**TRY IT:** Please go line by line and repeat the data below exactly, with no images.

DATA FOR REVIEW Block Start

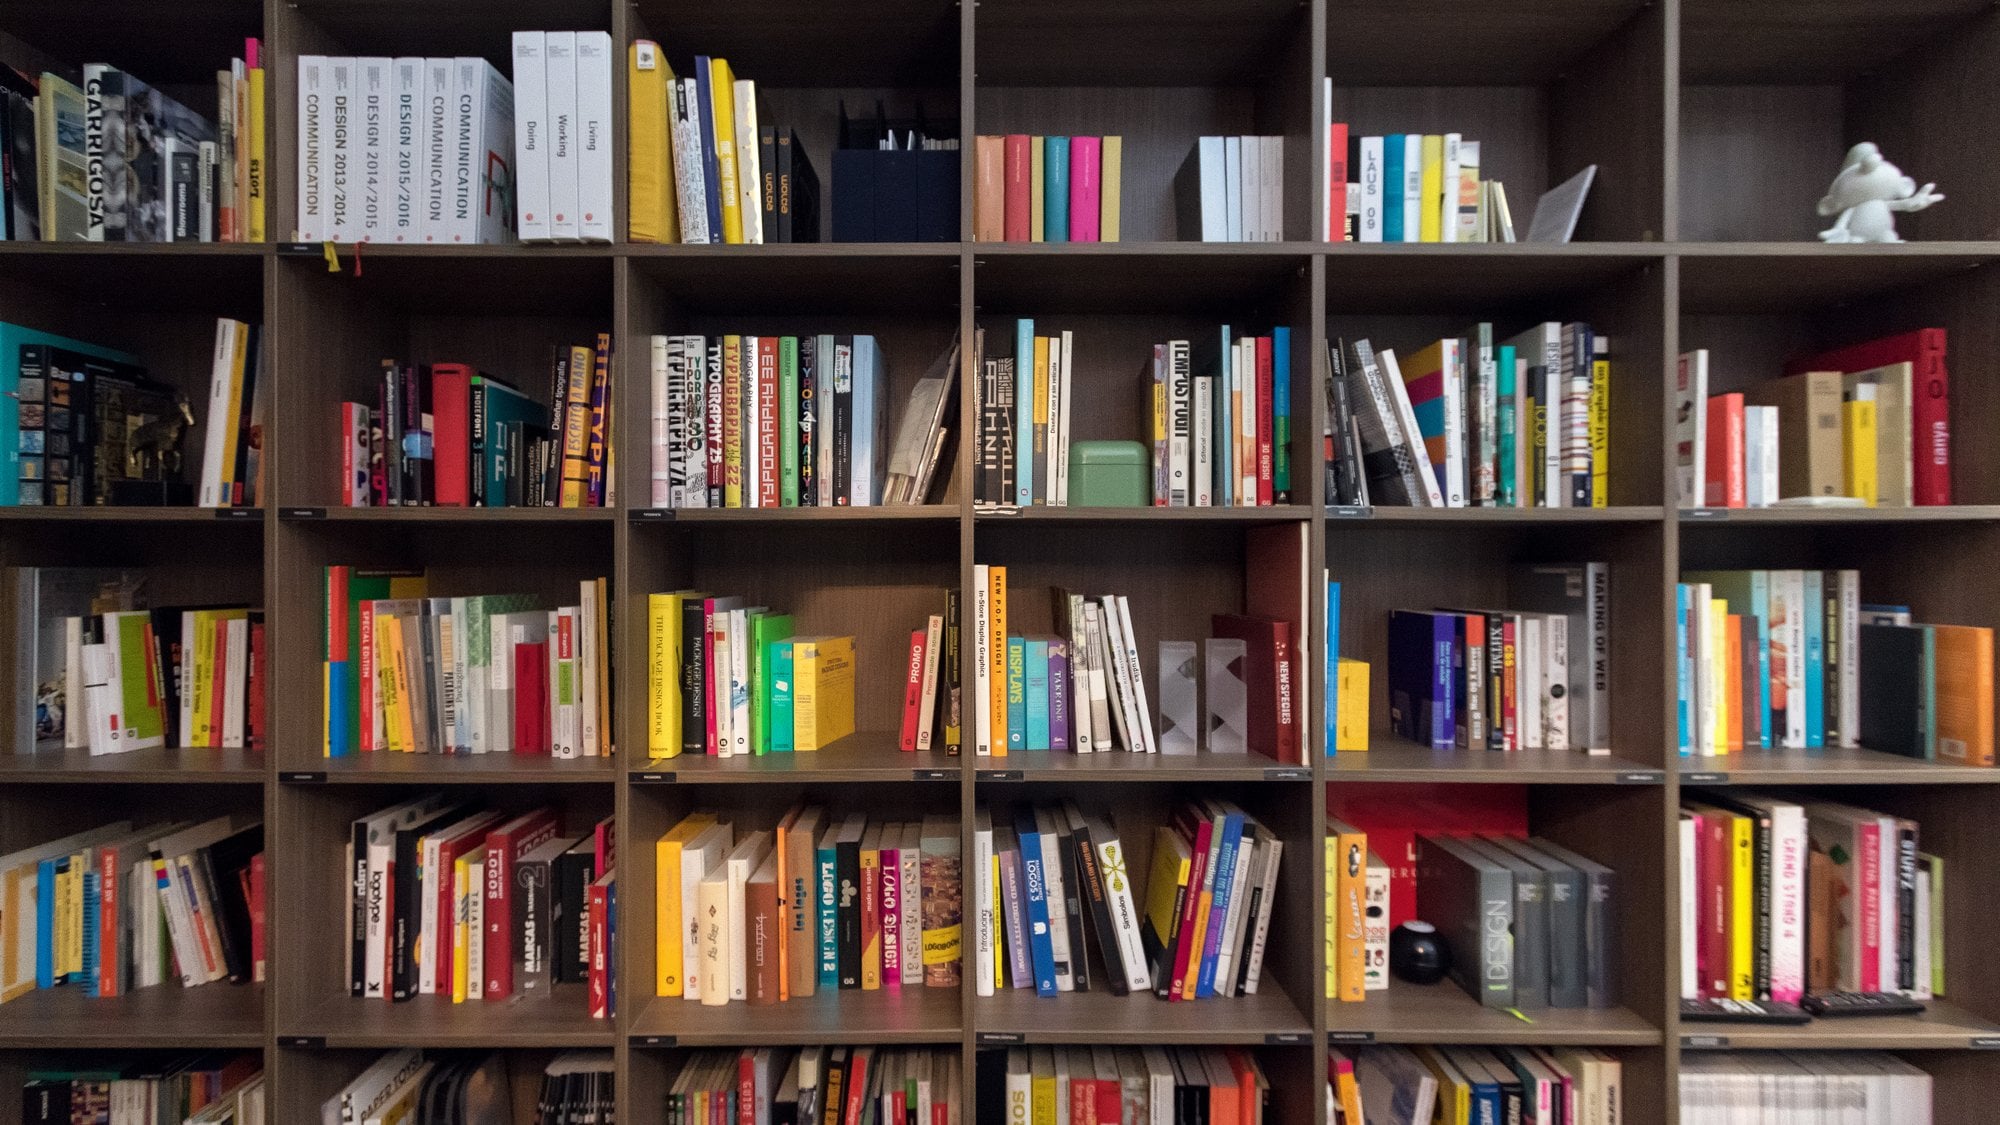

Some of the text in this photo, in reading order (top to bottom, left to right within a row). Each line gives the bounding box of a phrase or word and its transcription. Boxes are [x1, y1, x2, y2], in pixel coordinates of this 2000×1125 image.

[86, 78, 103, 229] GARRIGOSA
[306, 94, 318, 216] COMMUNICATION
[456, 94, 471, 219] COMMUNICATION
[526, 121, 536, 151] Doing
[556, 115, 567, 158] Working
[586, 120, 598, 151] Living
[250, 159, 259, 199] Lofts
[334, 96, 347, 226] DESIGN 2013/2014
[365, 95, 379, 229] DESIGN 2014/2015
[397, 94, 412, 227] DESIGN 2015/2016
[430, 96, 445, 221] COMMUNICATION
[177, 183, 186, 237] Showrooms
[1367, 151, 1377, 229] LAUS 09
[746, 344, 754, 409] TYPOGRAPHY
[474, 390, 482, 439] INDIEFONTS
[552, 401, 563, 431] Diseñar
[568, 352, 585, 451] ESCRITO A MANO
[588, 333, 610, 483] BIG TYPE
[708, 345, 722, 464] TYPOGRAPHY 25
[725, 343, 739, 487] TYPOGRAPHY 22
[473, 442, 483, 450] 3
[1596, 426, 1604, 451] DNA
[1262, 443, 1270, 480] DISEÑO DE
[362, 611, 370, 642] SPECIAL
[706, 614, 714, 633] PACK
[978, 620, 986, 646] Display
[1595, 572, 1606, 691] MAKING OF WEB
[910, 645, 922, 684] PROMO
[927, 655, 935, 673] made
[979, 647, 987, 678] Graphics
[1491, 627, 1503, 673] XHTML
[1504, 645, 1515, 666] CSS
[455, 661, 464, 703] Packaging
[655, 675, 663, 708] DESIGN
[692, 637, 701, 718] PACKAGE DESIGN
[925, 674, 933, 696] Promo
[1010, 645, 1022, 704] DISPLAYS
[1055, 671, 1063, 696] TAKE
[655, 711, 663, 735] BOOK
[1470, 694, 1478, 710] Mac
[865, 858, 871, 867] 04
[1027, 860, 1038, 892] LOGOS
[1205, 847, 1220, 885] Branding
[1783, 838, 1797, 879] GRAND
[369, 871, 383, 923] logotype
[488, 849, 498, 932] LOGOS 2
[793, 878, 806, 931] los logos
[822, 862, 837, 906] LOGO
[1784, 884, 1797, 924] STAND
[579, 911, 590, 963] MARCAS
[882, 865, 898, 969] LOGO DESIGN
[980, 909, 990, 953] Introducing
[1008, 866, 1025, 973] BRAND IDENTITY NOW!
[525, 921, 535, 973] MARCAS
[1488, 900, 1508, 980] DESIGN
[823, 961, 836, 971] 2
[743, 1080, 752, 1117] GUIDE

DATA FOR REVIEW Block End

**EXPECTED ANSWER:**
Some of the text in this photo, in reading order (top to bottom, left to right within a row). Each line gives the bounding box of a phrase or word and its transcription. Boxes are [x1, y1, x2, y2], in pixel coordinates of this 2000×1125 image.

[86, 78, 103, 229] GARRIGOSA
[306, 94, 318, 216] COMMUNICATION
[456, 94, 471, 219] COMMUNICATION
[526, 121, 536, 151] Doing
[556, 115, 567, 158] Working
[586, 120, 598, 151] Living
[250, 159, 259, 199] Lofts
[334, 96, 347, 226] DESIGN 2013/2014
[365, 95, 379, 229] DESIGN 2014/2015
[397, 94, 412, 227] DESIGN 2015/2016
[430, 96, 445, 221] COMMUNICATION
[177, 183, 186, 237] Showrooms
[1367, 151, 1377, 229] LAUS 09
[746, 344, 754, 409] TYPOGRAPHY
[474, 390, 482, 439] INDIEFONTS
[552, 401, 563, 431] Diseñar
[568, 352, 585, 451] ESCRITO A MANO
[588, 333, 610, 483] BIG TYPE
[708, 345, 722, 464] TYPOGRAPHY 25
[725, 343, 739, 487] TYPOGRAPHY 22
[473, 442, 483, 450] 3
[1596, 426, 1604, 451] DNA
[1262, 443, 1270, 480] DISEÑO DE
[362, 611, 370, 642] SPECIAL
[706, 614, 714, 633] PACK
[978, 620, 986, 646] Display
[1595, 572, 1606, 691] MAKING OF WEB
[910, 645, 922, 684] PROMO
[927, 655, 935, 673] made
[979, 647, 987, 678] Graphics
[1491, 627, 1503, 673] XHTML
[1504, 645, 1515, 666] CSS
[455, 661, 464, 703] Packaging
[655, 675, 663, 708] DESIGN
[692, 637, 701, 718] PACKAGE DESIGN
[925, 674, 933, 696] Promo
[1010, 645, 1022, 704] DISPLAYS
[1055, 671, 1063, 696] TAKE
[655, 711, 663, 735] BOOK
[1470, 694, 1478, 710] Mac
[865, 858, 871, 867] 04
[1027, 860, 1038, 892] LOGOS
[1205, 847, 1220, 885] Branding
[1783, 838, 1797, 879] GRAND
[369, 871, 383, 923] logotype
[488, 849, 498, 932] LOGOS 2
[793, 878, 806, 931] los logos
[822, 862, 837, 906] LOGO
[1784, 884, 1797, 924] STAND
[579, 911, 590, 963] MARCAS
[882, 865, 898, 969] LOGO DESIGN
[980, 909, 990, 953] Introducing
[1008, 866, 1025, 973] BRAND IDENTITY NOW!
[525, 921, 535, 973] MARCAS
[1488, 900, 1508, 980] DESIGN
[823, 961, 836, 971] 2
[743, 1080, 752, 1117] GUIDE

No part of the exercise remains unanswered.